Pembangkangan malaikat bernama iblis yang kemudian berubah nama menjadi setan, merupakan dan diyakini oleh umat penganut beberapa agama semit adalah tindakan makar dan subversif yang mengancam dan tidak meratifikasi otoritas ketuhanan Tuhan. Sejak itu, setan berpindah dari kepatuhan akan segala otoritas Tuhan menjadi oposisi yanng berebut pengaruh dan pengikut di kalangan anak-cucu Adam. Kisah di atas, bukanlah fiksi biasa (meski tak bisa dikatakan fakta sejarah) karena di kalangan penganut agama-agama sejak zaman purba konsepsi ini tertanam dan disampaikan dengan berbagai ragam instrumen penyampaian sesuai dengan alur perkembangan pengetahuan di setiap zaman.

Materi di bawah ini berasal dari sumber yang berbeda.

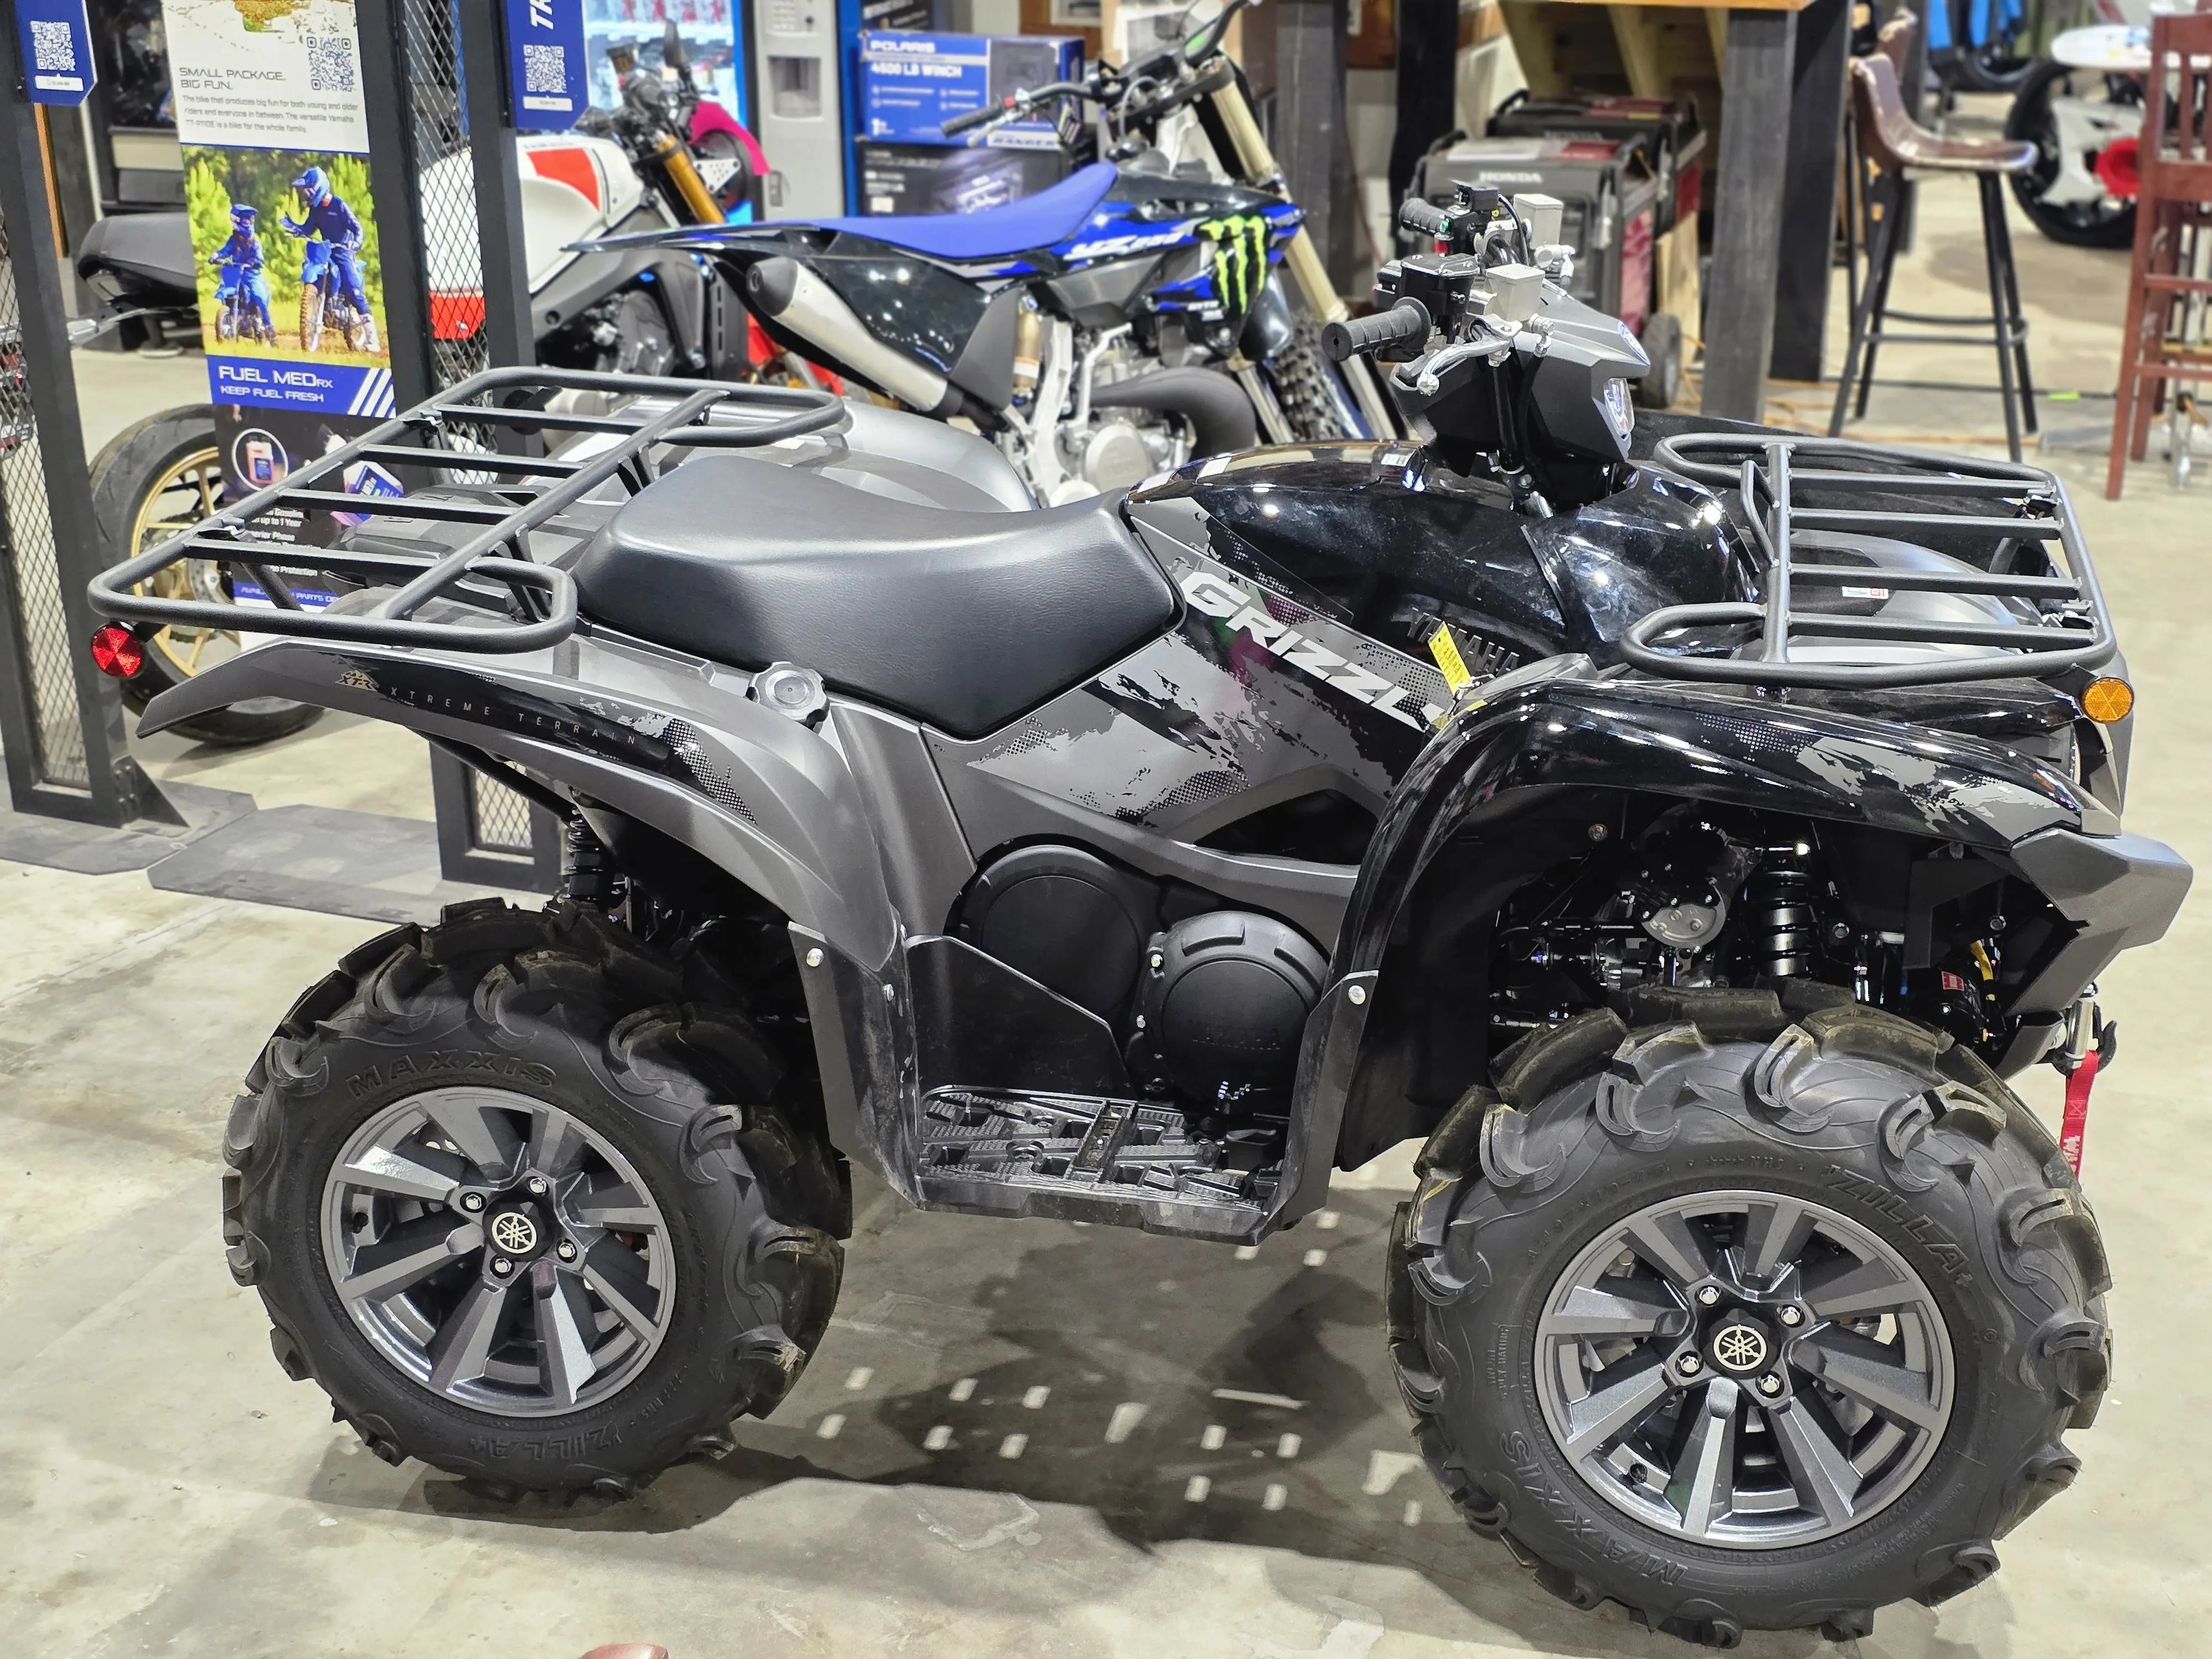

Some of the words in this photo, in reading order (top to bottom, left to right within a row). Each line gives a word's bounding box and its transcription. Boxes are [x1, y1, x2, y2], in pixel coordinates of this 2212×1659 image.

Pada zaman lampau terdapat sebuah mitos tentang Promotheus yang nekad menyelinap di kediaman Tuhan dan mencuri api ke-Tuhanan, yakni api ilmu-pengetahuan dan menyebarluaskannya kepada manusia di bumi, sehingga manusia tersebut dihukum oleh Tuhan atas kelancangannya. Mitos ini mengingatkan kisah-kisah para wali penganjur agama Islam di Jawa (Walisongo) yang meng-inkuisisi salah seorang wali bernama Syekh Siti Jenar karena menyampaikan ajaran yang menyangkut hakikat pengetahuan dan spiritualitas-transendent (yang saat itu menjadi ilmu rahasia para wali) kepada masyarakat awam.

Sengketa dan konflik memperebutkan kekuasaan, jelas bukanlah barang baru, setidaknya diukur dari usia mitos-mitos, dongeng-dongeng dan usia teks-teks keagamaan yang ada. Terlepas dari kebenaran ataupun hanya isapan jempol belaka, teks-teks tersebut setidaknya menceritakan adanya kondisi, peristiwa ataupun refleksi yang menjadi indeks atas adanya sengketa dan konflik di zaman beredarnya teks-teks tersebut.

Sengketa, terlahir sebagai keniscayaan atas keragaman yang ada. Karenanya, selain bermotifkan pada perebutan sumber daya, sengketa juga disebabkan oleh adanya motif pelestarian identitas primordial atau kelompok dari kepunahan atau perebutan posisi superioritas.

Alur prespektif, pandangan manusia tentang kehidupannya, dapat kita jadikan referensi pertama dalam memahami sengketa/konfllik, antara lain karena latar historis dan karakteristik yang unik, masing-masing dilahirkan sebagai laki-laki dan perempuan, dilahirkan dalam cara hidup tertentu dan karakteristik konsepsi nilai yang dipahami sangat beragam sehingga melahirkan konflik yang secara general bergulir pada lima isu utama, yaitu : kekuasaan, budaya, identitas, gender dan hak (Abdul Syukur Ahmad Bafadal, Analisis Konflik)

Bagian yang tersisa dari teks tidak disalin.